Fairfield employee helps student with clean water project

A local college student’s work designing and installing a clean water system in Ecuador was enhanced with the help of a city of Fairfield employee.

Sam Schmitt’s senior project led him to a remote village near the Andes Mountain, where villagers were drinking sewage infested water.

“I spent the summer thinking about what I wanted to do as a project,” Schmitt said. “I wanted to do something to help people.”

Food, power and water were three issues that he and two other students — Jo Matota and Austin McFall — tossed around as ways to come up with a project that could end up helping people on a larger scale.

“Water is a mind-boggling issue globally,” Schmitt said. “Like 80 percent of illnesses in developing countries are from waterborne diseases.”

Matota, McFall and Schmitt eventually decided to build a water filtration system that would provide clean drinking water.

City of Fairfield Public Utilities Superintendent, Andreas Eddy, was approached by Schmitt, who wanted to make sure his system would travel well to Ecuador.

“We discussed several different treatment techniques. I shared some of my experiences, including going to Sierra Leone, Africa, and working with local villagers on their water wells and sanitation facilities,” Eddy said.

Eddy answered Schmitt’s questions and helped him work through his ideas.

“We also discussed analyzing the water before and after treatment to verify that his system was effective,” Eddy said.

The finished project was called the “Rescu-Flo,” and it can filter 150 gallons an hour or 3600 gallons a day. Schmitt said it is a low-cost system (at $1,500 it is much cheaper than the competition with comparable flow rates) designed to take dirty, contaminated water, even contaminated with sewage, and convert it to drinkable water for a relatively large group of individuals, serving up to 7,000 people a day if needed.

“The water may not be as clean as bottled or distilled water, but it is well within the range of drinkable water,” Schmitt said.

Schmitt took the Rescu-Flo to Misahuali, Ecuador, and installed it himself.

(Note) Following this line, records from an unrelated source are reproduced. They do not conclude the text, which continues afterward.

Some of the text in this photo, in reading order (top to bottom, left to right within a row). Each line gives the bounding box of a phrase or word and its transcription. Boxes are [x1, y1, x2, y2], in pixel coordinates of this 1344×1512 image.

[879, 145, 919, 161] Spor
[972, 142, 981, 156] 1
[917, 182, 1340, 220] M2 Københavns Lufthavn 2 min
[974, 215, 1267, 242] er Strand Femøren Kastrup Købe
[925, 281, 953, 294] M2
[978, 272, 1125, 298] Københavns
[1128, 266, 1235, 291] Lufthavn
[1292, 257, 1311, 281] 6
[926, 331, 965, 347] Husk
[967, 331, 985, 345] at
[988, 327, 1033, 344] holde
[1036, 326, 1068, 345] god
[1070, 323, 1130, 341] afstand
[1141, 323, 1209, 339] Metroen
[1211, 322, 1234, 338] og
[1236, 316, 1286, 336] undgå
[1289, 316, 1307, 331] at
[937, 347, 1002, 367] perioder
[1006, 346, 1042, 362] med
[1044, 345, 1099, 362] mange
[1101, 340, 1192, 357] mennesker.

“There were some high-dollar parts on it, but I just installed it without any fanfare. They were getting water from two miles away and it was contaminated with raw sewage,” he said.

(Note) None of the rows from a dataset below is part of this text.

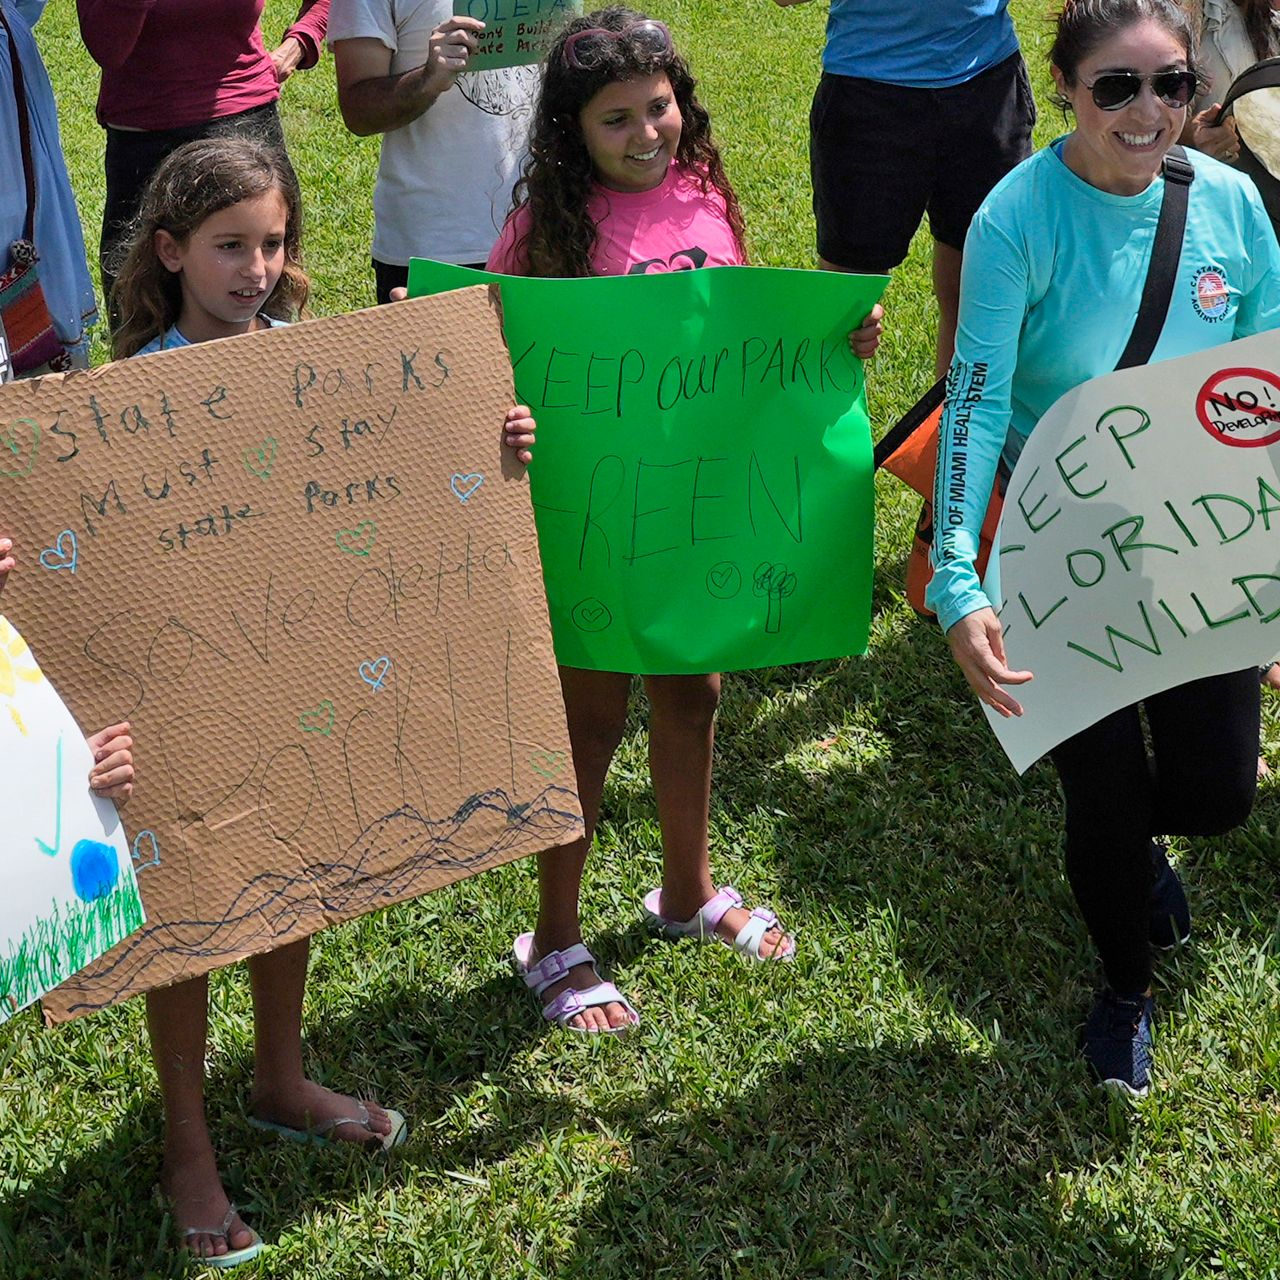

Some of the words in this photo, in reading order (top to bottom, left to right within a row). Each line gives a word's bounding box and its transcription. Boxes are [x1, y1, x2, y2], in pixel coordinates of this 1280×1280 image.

[1190, 298, 1218, 324] AGAINST
[657, 343, 730, 412] our
[1209, 386, 1277, 417] NO!
[48, 384, 236, 463] State
[79, 447, 221, 537] Must
[533, 449, 807, 571] REEN
[949, 450, 968, 505] MIAMI
[1001, 405, 1152, 550] EEP
[947, 506, 965, 527] OF

Eddy commended Schmitt on his project.

“I am proud to know this bright young man and how he is concentrating efforts to help others. You may sometimes hear people question why you would help people in other countries when there are people that need help here. The important thing is to help people. You may help a child a world away that may be inspired to change their world – or even our world,” Eddy said.